Il comitato ha anche osservato:

“Il cannabidiolo si trova nella cannabis e nella resina di cannabis ma non ha proprietà psicoattive e non ha potenziale di abuso e nessun potenziale per produrre dipendenza. Non ha gravi effetti negativi. È stato dimostrato che il cannabidiolo è efficace nella gestione di alcuni disturbi dell’epilessia ad insorgenza dell’infanzia, resistenti al trattamento. È stato approvato per questo uso negli Stati Uniti nel 2018 ed è attualmente all’esame per l’approvazione da parte dell’UE. 
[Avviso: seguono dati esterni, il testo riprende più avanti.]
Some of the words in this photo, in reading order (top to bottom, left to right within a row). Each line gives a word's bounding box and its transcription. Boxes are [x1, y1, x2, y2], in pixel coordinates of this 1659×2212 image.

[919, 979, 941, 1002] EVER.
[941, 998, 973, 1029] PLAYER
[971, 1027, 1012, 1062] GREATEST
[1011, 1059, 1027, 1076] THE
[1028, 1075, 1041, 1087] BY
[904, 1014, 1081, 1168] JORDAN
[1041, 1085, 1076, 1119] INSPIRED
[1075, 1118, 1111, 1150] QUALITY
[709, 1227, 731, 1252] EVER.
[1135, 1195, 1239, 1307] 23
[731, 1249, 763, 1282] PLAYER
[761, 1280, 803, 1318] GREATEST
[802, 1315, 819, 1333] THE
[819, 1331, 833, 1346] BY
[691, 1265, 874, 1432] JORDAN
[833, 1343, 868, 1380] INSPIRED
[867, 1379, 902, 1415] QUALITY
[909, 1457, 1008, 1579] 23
Questa rivalutazione significherebbe che i prodotti contenenti cannabidiolo (CBD) ma non più dello 0,2% del THC psicoattivo non sarebbero più inclusi in nessuna convenzione internazionale sul controllo delle droghe.

Preparati farmaceutici di cannabis e dronabinol

Il Comitato rileva che attualmente esistono due tipi principali di farmaci contenenti  delta -9-THC:

  • Preparazioni che contengono sia  delta -9-THC e CBD, come Sativex.
  • Preparazioni che contengono solo  delta -9-THC come composto attivo, come Marinol o Syndros.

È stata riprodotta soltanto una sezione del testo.